学生の頃読んだ小説の一節だった。好きな一節だった。
私はいま、目の前の、定時前ギリギリに、私を怒鳴りつける彼女にそれを伝えてやりたかったが、二週間前に私の前でぼろぼろ泣いた後輩のことを思い出して、あぁ今回は私がそっち側なのか、と言葉を飲み込み自己解決した。そもそも上司に暴言を吐くほど、狂ってはいないと自負している。いや、吐いたことあるか。いつの間にか狂ったんだ、私。
入社して初めて、群衆の前で泣いた。落涙した瞬間、私に罵声を浴びせていた悪口のボキャブラリーが豊かな彼女はぎょっとし、言葉をつまらせた。周囲からの好奇の視線も、痛いほど感じた。

「……すみませんでした」

謝罪の言葉と共に、腰を九十度に折った。悪いと思ったわけではない。泣いた顔を見られたくなかった。それが理由だった。
決して謝るものか。そもそもその案件、私の担当じゃない。叱られる理由がないから謝ってやらない。
彼女が憤怒したのは、私のその態度だろう。声をかけてきた時の怒りのボルテージはそんなに高くなかった。私が「いや知らないよ、なんてったって私の担当じゃないし、それにいま私、仕事ができない貴方が押し付けてきた書類の作成で忙しいんですよ、定時退社が私のモットーなのに」を滲ませたせいだ。

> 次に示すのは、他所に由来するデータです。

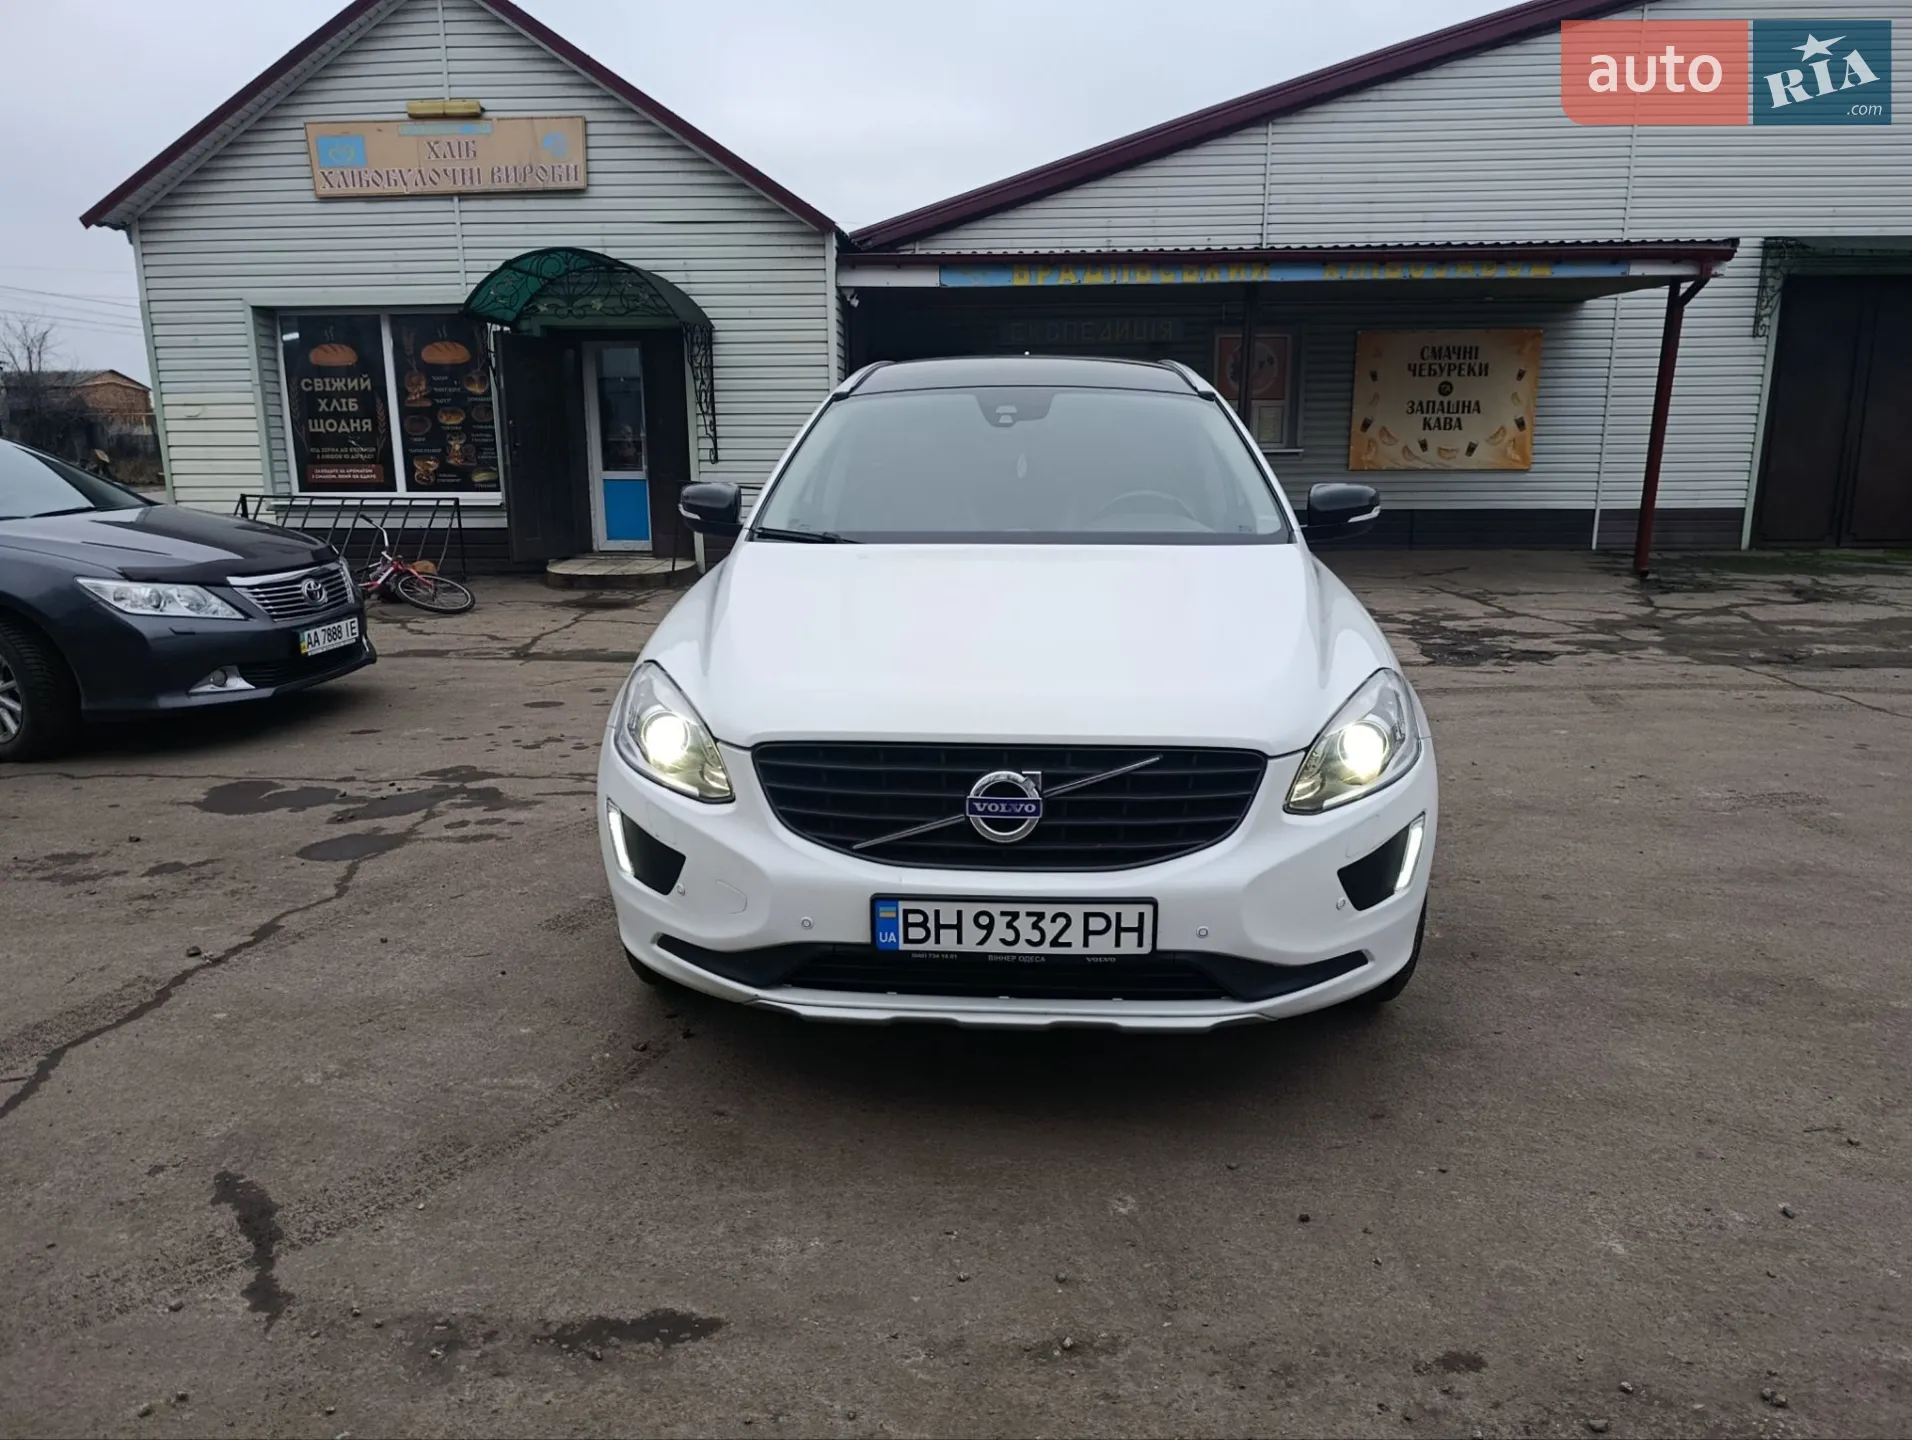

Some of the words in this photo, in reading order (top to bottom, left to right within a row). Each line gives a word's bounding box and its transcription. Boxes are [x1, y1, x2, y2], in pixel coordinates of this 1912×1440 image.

[426, 139, 477, 160] ХЛІБ
[319, 166, 483, 193] ХЛІБОБУЛОЧНІ
[490, 163, 581, 185] ВИРОБИ
[1420, 345, 1479, 361] СМАЧНІ
[1407, 362, 1489, 377] ЧЕБУРЕКИ
[301, 374, 372, 392] СВІЖИЙ
[318, 398, 359, 412] ХЛІБ
[1406, 400, 1481, 415] ЗАПАШНА
[308, 418, 373, 434] ЩОДНЯ
[1422, 416, 1463, 431] КАВА
[307, 630, 320, 649] AA
[346, 620, 357, 638] IE
[973, 802, 1037, 813] VOLVO
[902, 908, 963, 945] BH
[972, 909, 1073, 948] 9332
[1082, 911, 1145, 948] PH
[879, 931, 897, 943] UA
[1018, 955, 1046, 963] ОДЕСА
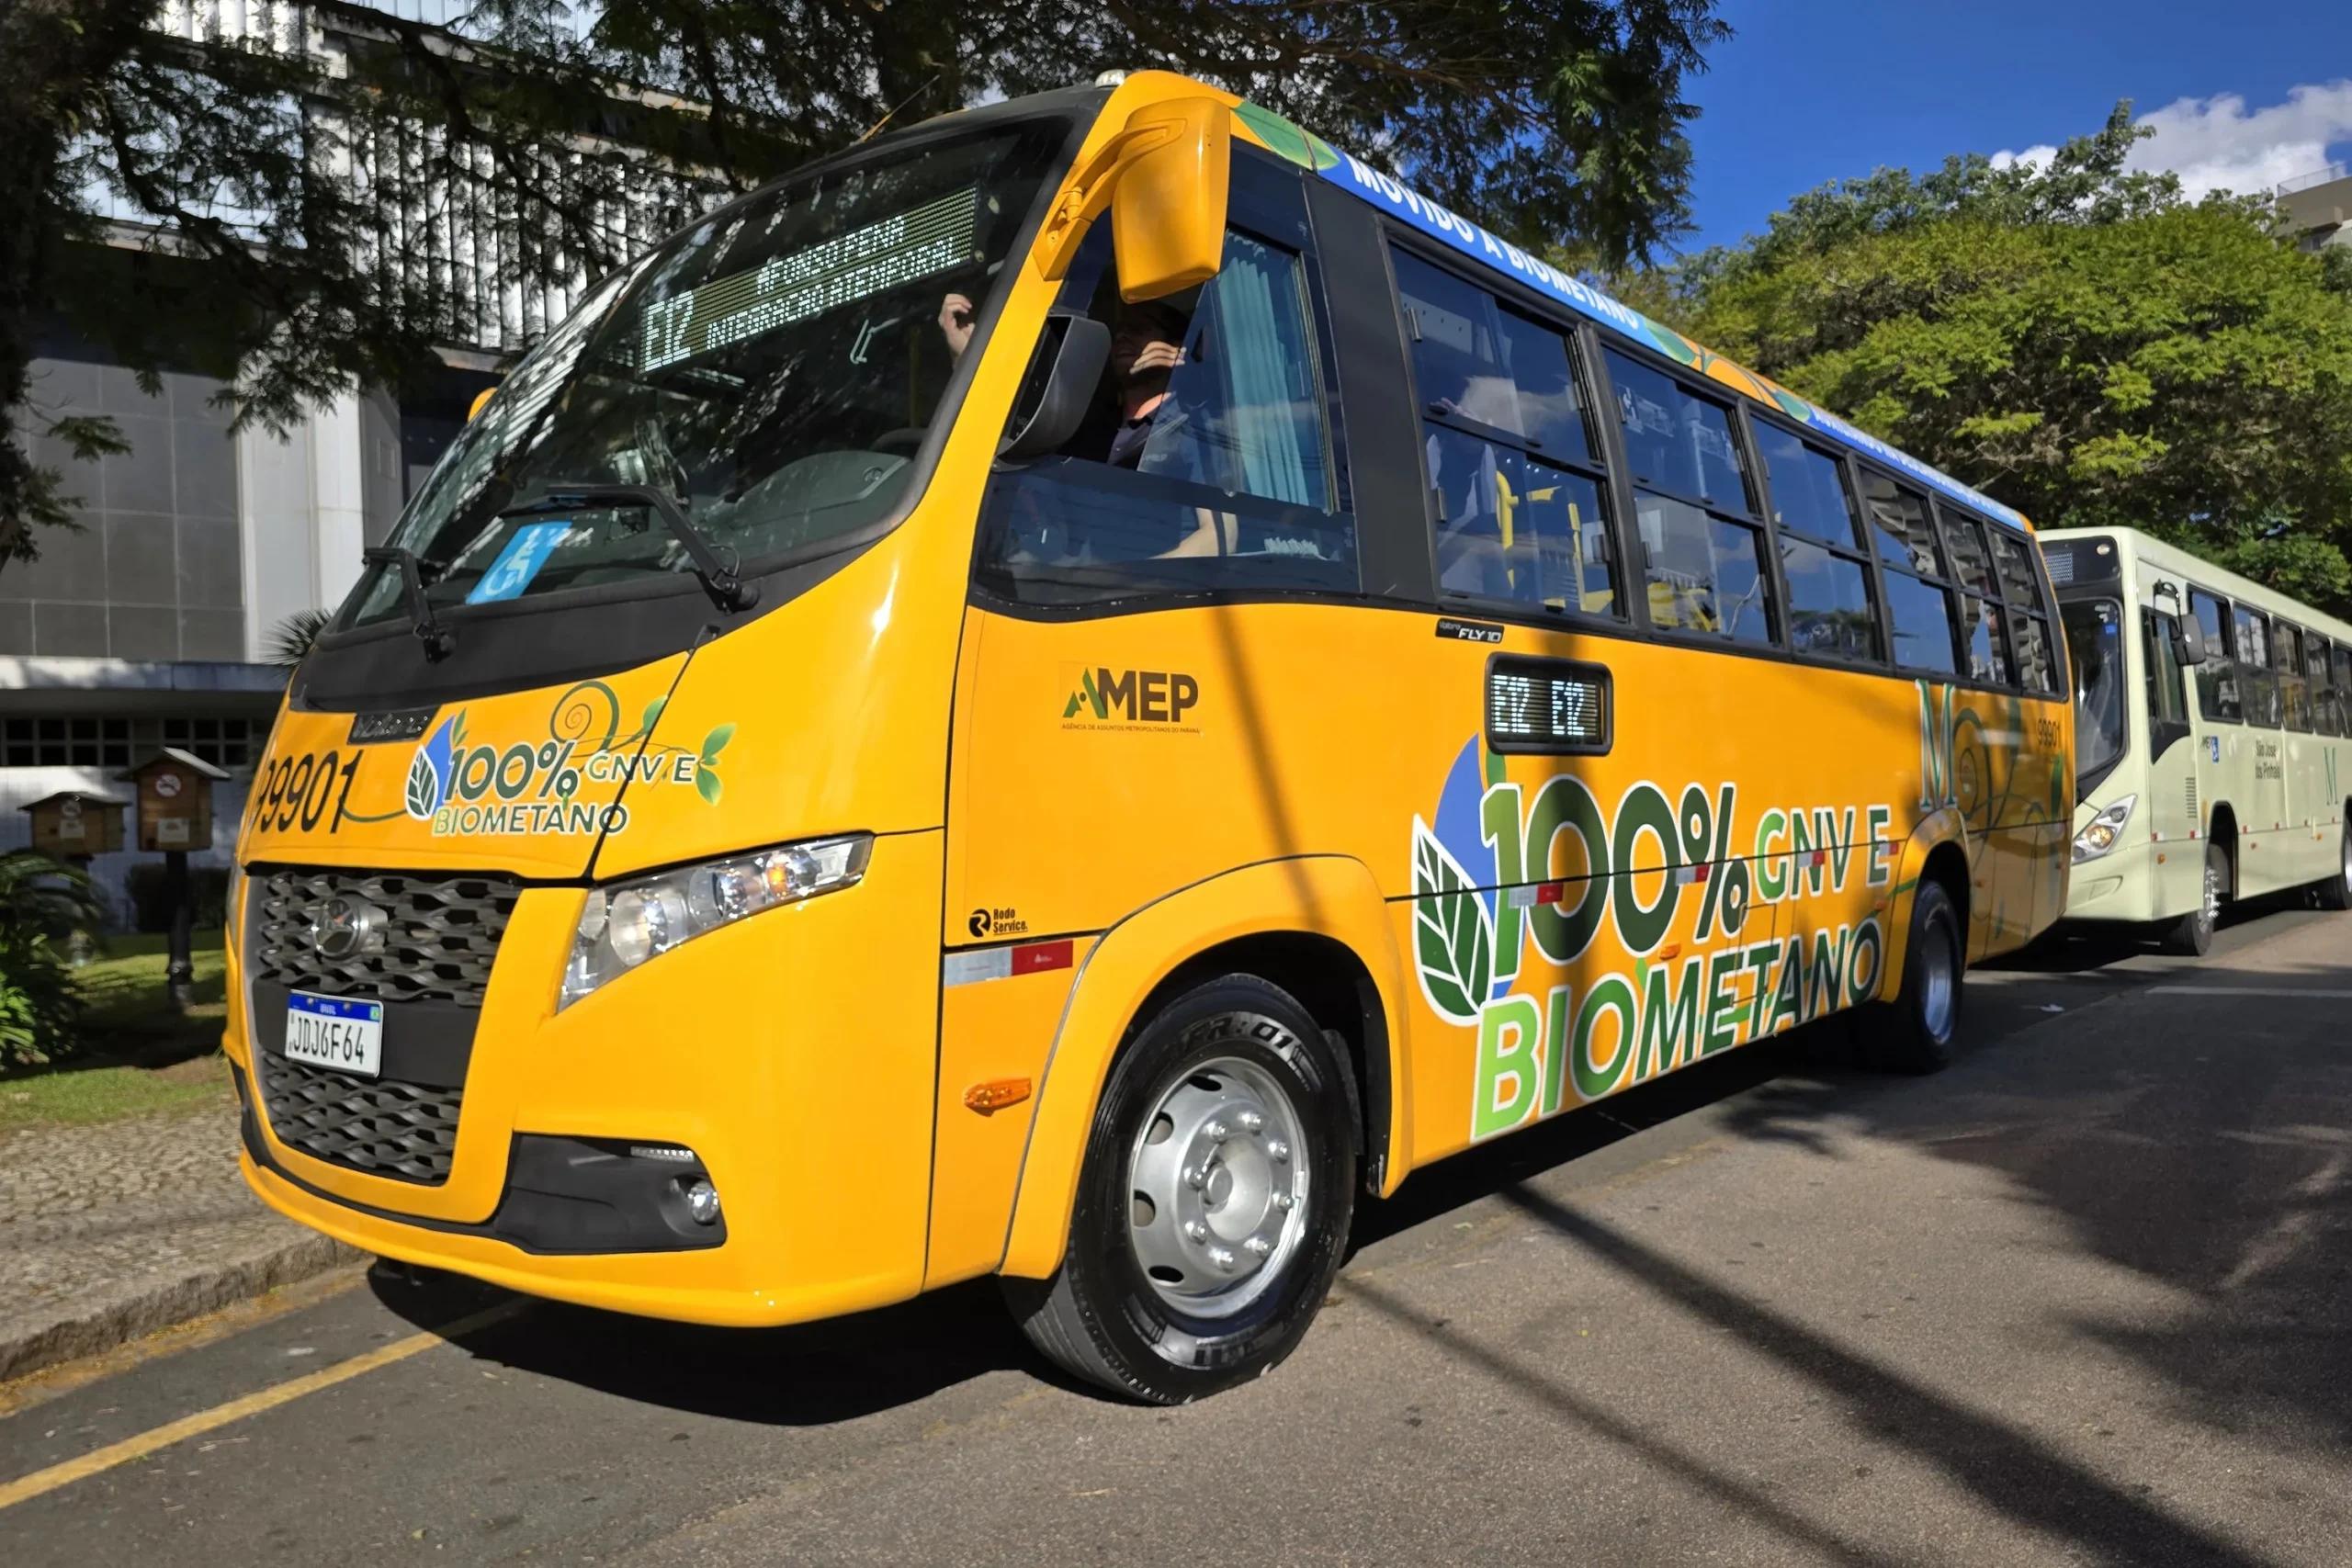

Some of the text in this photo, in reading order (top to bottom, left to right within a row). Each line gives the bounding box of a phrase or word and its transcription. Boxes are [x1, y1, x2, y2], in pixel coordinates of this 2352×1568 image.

「あぁそれですか、仰る通りですねスミマセンデシタ」って適当に謝っておけばこうはならなかっただろう。
でも私、嫌なのだ。もうそれなりにキャリアを積んで、せっかくバカな上司とバカじゃない上司の見分けもつく様になったのに、バカな上司にバカの一つ覚えみたいに謝るの、本当に、大嫌いなのだ。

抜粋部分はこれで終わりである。